Source records:
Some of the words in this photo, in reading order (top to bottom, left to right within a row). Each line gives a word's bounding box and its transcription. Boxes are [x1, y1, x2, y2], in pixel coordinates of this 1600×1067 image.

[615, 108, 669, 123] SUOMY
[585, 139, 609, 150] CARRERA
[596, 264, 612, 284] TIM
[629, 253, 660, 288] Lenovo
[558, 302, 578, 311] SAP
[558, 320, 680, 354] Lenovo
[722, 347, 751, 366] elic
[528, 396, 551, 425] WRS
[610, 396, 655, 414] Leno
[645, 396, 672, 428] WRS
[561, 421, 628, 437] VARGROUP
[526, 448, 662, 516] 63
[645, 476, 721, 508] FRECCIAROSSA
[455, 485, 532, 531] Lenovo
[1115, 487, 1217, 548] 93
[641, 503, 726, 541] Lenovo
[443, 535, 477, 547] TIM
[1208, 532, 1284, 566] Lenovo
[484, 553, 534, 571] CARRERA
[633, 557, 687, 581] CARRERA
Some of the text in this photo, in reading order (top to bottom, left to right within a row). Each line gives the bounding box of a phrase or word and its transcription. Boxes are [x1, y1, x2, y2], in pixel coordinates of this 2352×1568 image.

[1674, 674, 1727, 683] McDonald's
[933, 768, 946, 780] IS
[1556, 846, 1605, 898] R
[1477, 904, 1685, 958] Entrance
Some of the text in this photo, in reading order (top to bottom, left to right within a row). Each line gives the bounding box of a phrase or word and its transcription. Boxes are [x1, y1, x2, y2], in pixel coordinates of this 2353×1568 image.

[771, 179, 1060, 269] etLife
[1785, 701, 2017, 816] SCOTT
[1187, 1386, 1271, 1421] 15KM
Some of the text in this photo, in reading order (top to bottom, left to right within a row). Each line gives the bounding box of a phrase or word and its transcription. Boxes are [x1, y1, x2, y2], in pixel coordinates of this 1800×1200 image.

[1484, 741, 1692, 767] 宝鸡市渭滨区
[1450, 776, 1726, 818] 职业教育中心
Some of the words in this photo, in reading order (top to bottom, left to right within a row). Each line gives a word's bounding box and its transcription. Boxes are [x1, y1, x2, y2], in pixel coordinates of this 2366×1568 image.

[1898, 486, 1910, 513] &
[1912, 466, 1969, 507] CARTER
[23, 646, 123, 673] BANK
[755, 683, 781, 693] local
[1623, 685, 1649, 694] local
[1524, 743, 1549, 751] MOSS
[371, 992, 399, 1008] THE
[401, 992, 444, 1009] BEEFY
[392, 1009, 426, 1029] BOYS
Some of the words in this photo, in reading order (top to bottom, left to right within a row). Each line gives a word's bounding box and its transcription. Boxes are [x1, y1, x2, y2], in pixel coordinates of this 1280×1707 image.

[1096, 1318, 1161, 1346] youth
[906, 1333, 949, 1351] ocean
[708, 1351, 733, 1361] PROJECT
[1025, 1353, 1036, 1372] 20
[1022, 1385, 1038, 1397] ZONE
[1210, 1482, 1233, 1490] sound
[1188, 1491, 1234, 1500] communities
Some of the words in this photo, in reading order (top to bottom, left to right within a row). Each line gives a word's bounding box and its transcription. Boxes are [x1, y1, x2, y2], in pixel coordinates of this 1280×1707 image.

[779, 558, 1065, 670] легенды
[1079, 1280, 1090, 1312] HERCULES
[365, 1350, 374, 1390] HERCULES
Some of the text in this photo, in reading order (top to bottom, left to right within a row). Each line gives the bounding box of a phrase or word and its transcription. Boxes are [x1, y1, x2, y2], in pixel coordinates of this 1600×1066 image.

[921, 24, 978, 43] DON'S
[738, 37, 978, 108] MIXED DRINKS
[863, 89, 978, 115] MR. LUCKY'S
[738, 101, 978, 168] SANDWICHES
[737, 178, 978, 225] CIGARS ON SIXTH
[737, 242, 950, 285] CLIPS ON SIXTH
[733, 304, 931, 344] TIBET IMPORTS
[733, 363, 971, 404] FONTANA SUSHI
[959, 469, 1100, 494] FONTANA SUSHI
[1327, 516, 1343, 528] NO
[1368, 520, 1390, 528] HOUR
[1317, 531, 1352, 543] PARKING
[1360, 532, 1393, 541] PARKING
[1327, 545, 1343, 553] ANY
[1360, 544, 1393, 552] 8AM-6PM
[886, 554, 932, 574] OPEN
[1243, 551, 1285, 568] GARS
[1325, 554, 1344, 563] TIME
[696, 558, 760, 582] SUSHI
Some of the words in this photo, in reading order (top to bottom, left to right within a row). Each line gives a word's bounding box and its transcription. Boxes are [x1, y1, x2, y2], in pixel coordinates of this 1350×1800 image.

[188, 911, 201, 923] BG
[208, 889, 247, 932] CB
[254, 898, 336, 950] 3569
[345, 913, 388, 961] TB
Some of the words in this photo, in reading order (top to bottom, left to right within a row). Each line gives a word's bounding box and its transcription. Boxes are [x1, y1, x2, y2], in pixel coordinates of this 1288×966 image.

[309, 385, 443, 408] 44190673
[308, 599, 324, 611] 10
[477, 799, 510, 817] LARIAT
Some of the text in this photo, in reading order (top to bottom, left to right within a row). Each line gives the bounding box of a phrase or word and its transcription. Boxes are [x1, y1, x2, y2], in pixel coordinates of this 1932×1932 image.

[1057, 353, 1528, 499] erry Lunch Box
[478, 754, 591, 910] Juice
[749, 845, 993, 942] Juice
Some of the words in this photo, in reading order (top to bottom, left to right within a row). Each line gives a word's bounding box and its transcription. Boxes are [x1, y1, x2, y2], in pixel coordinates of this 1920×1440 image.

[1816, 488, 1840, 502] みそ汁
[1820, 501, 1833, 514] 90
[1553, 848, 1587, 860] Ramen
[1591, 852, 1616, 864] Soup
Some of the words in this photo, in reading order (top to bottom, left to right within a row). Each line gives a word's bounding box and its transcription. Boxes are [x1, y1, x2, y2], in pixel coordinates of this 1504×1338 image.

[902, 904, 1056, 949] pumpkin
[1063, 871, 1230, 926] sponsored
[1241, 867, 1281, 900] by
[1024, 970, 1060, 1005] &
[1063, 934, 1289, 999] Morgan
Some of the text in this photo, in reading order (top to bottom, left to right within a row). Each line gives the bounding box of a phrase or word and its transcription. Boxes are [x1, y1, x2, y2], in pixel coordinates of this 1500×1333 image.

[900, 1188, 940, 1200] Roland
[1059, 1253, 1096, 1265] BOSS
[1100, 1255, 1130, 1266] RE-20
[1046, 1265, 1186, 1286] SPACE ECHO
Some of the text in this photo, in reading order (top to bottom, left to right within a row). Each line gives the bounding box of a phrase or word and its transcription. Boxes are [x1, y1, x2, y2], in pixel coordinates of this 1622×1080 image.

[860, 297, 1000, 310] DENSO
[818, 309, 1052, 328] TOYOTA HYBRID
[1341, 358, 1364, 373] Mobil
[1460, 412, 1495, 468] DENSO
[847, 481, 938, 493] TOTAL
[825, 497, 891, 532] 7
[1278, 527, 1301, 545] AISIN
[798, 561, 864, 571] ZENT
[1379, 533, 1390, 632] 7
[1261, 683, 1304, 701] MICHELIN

Brief:
Make an exact copy of every record in the listing.

Answer section:
Some of the words in this photo, in reading order (top to bottom, left to right within a row). Each line gives a word's bounding box and its transcription. Boxes are [x1, y1, x2, y2], in pixel coordinates of this 1600×1067 image.

[615, 108, 669, 123] SUOMY
[585, 139, 609, 150] CARRERA
[596, 264, 612, 284] TIM
[629, 253, 660, 288] Lenovo
[558, 302, 578, 311] SAP
[558, 320, 680, 354] Lenovo
[722, 347, 751, 366] elic
[528, 396, 551, 425] WRS
[610, 396, 655, 414] Leno
[645, 396, 672, 428] WRS
[561, 421, 628, 437] VARGROUP
[526, 448, 662, 516] 63
[645, 476, 721, 508] FRECCIAROSSA
[455, 485, 532, 531] Lenovo
[1115, 487, 1217, 548] 93
[641, 503, 726, 541] Lenovo
[443, 535, 477, 547] TIM
[1208, 532, 1284, 566] Lenovo
[484, 553, 534, 571] CARRERA
[633, 557, 687, 581] CARRERA
Some of the text in this photo, in reading order (top to bottom, left to right within a row). Each line gives the bounding box of a phrase or word and its transcription. Boxes are [x1, y1, x2, y2], in pixel coordinates of this 2352×1568 image.

[1674, 674, 1727, 683] McDonald's
[933, 768, 946, 780] IS
[1556, 846, 1605, 898] R
[1477, 904, 1685, 958] Entrance
Some of the text in this photo, in reading order (top to bottom, left to right within a row). Each line gives the bounding box of a phrase or word and its transcription. Boxes are [x1, y1, x2, y2], in pixel coordinates of this 2353×1568 image.

[771, 179, 1060, 269] etLife
[1785, 701, 2017, 816] SCOTT
[1187, 1386, 1271, 1421] 15KM
Some of the text in this photo, in reading order (top to bottom, left to right within a row). Each line gives the bounding box of a phrase or word and its transcription. Boxes are [x1, y1, x2, y2], in pixel coordinates of this 1800×1200 image.

[1484, 741, 1692, 767] 宝鸡市渭滨区
[1450, 776, 1726, 818] 职业教育中心
Some of the words in this photo, in reading order (top to bottom, left to right within a row). Each line gives a word's bounding box and its transcription. Boxes are [x1, y1, x2, y2], in pixel coordinates of this 2366×1568 image.

[1898, 486, 1910, 513] &
[1912, 466, 1969, 507] CARTER
[23, 646, 123, 673] BANK
[755, 683, 781, 693] local
[1623, 685, 1649, 694] local
[1524, 743, 1549, 751] MOSS
[371, 992, 399, 1008] THE
[401, 992, 444, 1009] BEEFY
[392, 1009, 426, 1029] BOYS
Some of the words in this photo, in reading order (top to bottom, left to right within a row). Each line gives a word's bounding box and its transcription. Boxes are [x1, y1, x2, y2], in pixel coordinates of this 1280×1707 image.

[1096, 1318, 1161, 1346] youth
[906, 1333, 949, 1351] ocean
[708, 1351, 733, 1361] PROJECT
[1025, 1353, 1036, 1372] 20
[1022, 1385, 1038, 1397] ZONE
[1210, 1482, 1233, 1490] sound
[1188, 1491, 1234, 1500] communities
Some of the words in this photo, in reading order (top to bottom, left to right within a row). Each line gives a word's bounding box and its transcription. Boxes are [x1, y1, x2, y2], in pixel coordinates of this 1280×1707 image.

[779, 558, 1065, 670] легенды
[1079, 1280, 1090, 1312] HERCULES
[365, 1350, 374, 1390] HERCULES
Some of the text in this photo, in reading order (top to bottom, left to right within a row). Each line gives the bounding box of a phrase or word and its transcription. Boxes are [x1, y1, x2, y2], in pixel coordinates of this 1600×1066 image.

[921, 24, 978, 43] DON'S
[738, 37, 978, 108] MIXED DRINKS
[863, 89, 978, 115] MR. LUCKY'S
[738, 101, 978, 168] SANDWICHES
[737, 178, 978, 225] CIGARS ON SIXTH
[737, 242, 950, 285] CLIPS ON SIXTH
[733, 304, 931, 344] TIBET IMPORTS
[733, 363, 971, 404] FONTANA SUSHI
[959, 469, 1100, 494] FONTANA SUSHI
[1327, 516, 1343, 528] NO
[1368, 520, 1390, 528] HOUR
[1317, 531, 1352, 543] PARKING
[1360, 532, 1393, 541] PARKING
[1327, 545, 1343, 553] ANY
[1360, 544, 1393, 552] 8AM-6PM
[886, 554, 932, 574] OPEN
[1243, 551, 1285, 568] GARS
[1325, 554, 1344, 563] TIME
[696, 558, 760, 582] SUSHI
Some of the words in this photo, in reading order (top to bottom, left to right within a row). Each line gives a word's bounding box and its transcription. Boxes are [x1, y1, x2, y2], in pixel coordinates of this 1350×1800 image.

[188, 911, 201, 923] BG
[208, 889, 247, 932] CB
[254, 898, 336, 950] 3569
[345, 913, 388, 961] TB
Some of the words in this photo, in reading order (top to bottom, left to right within a row). Each line gives a word's bounding box and its transcription. Boxes are [x1, y1, x2, y2], in pixel coordinates of this 1288×966 image.

[309, 385, 443, 408] 44190673
[308, 599, 324, 611] 10
[477, 799, 510, 817] LARIAT
Some of the text in this photo, in reading order (top to bottom, left to right within a row). Each line gives the bounding box of a phrase or word and its transcription. Boxes are [x1, y1, x2, y2], in pixel coordinates of this 1932×1932 image.

[1057, 353, 1528, 499] erry Lunch Box
[478, 754, 591, 910] Juice
[749, 845, 993, 942] Juice
Some of the words in this photo, in reading order (top to bottom, left to right within a row). Each line gives a word's bounding box and its transcription. Boxes are [x1, y1, x2, y2], in pixel coordinates of this 1920×1440 image.

[1816, 488, 1840, 502] みそ汁
[1820, 501, 1833, 514] 90
[1553, 848, 1587, 860] Ramen
[1591, 852, 1616, 864] Soup
Some of the words in this photo, in reading order (top to bottom, left to right within a row). Each line gives a word's bounding box and its transcription. Boxes are [x1, y1, x2, y2], in pixel coordinates of this 1504×1338 image.

[902, 904, 1056, 949] pumpkin
[1063, 871, 1230, 926] sponsored
[1241, 867, 1281, 900] by
[1024, 970, 1060, 1005] &
[1063, 934, 1289, 999] Morgan
Some of the text in this photo, in reading order (top to bottom, left to right within a row). Each line gives the bounding box of a phrase or word and its transcription. Boxes are [x1, y1, x2, y2], in pixel coordinates of this 1500×1333 image.

[900, 1188, 940, 1200] Roland
[1059, 1253, 1096, 1265] BOSS
[1100, 1255, 1130, 1266] RE-20
[1046, 1265, 1186, 1286] SPACE ECHO
Some of the text in this photo, in reading order (top to bottom, left to right within a row). Each line gives the bounding box of a phrase or word and its transcription. Boxes are [x1, y1, x2, y2], in pixel coordinates of this 1622×1080 image.

[860, 297, 1000, 310] DENSO
[818, 309, 1052, 328] TOYOTA HYBRID
[1341, 358, 1364, 373] Mobil
[1460, 412, 1495, 468] DENSO
[847, 481, 938, 493] TOTAL
[825, 497, 891, 532] 7
[1278, 527, 1301, 545] AISIN
[798, 561, 864, 571] ZENT
[1379, 533, 1390, 632] 7
[1261, 683, 1304, 701] MICHELIN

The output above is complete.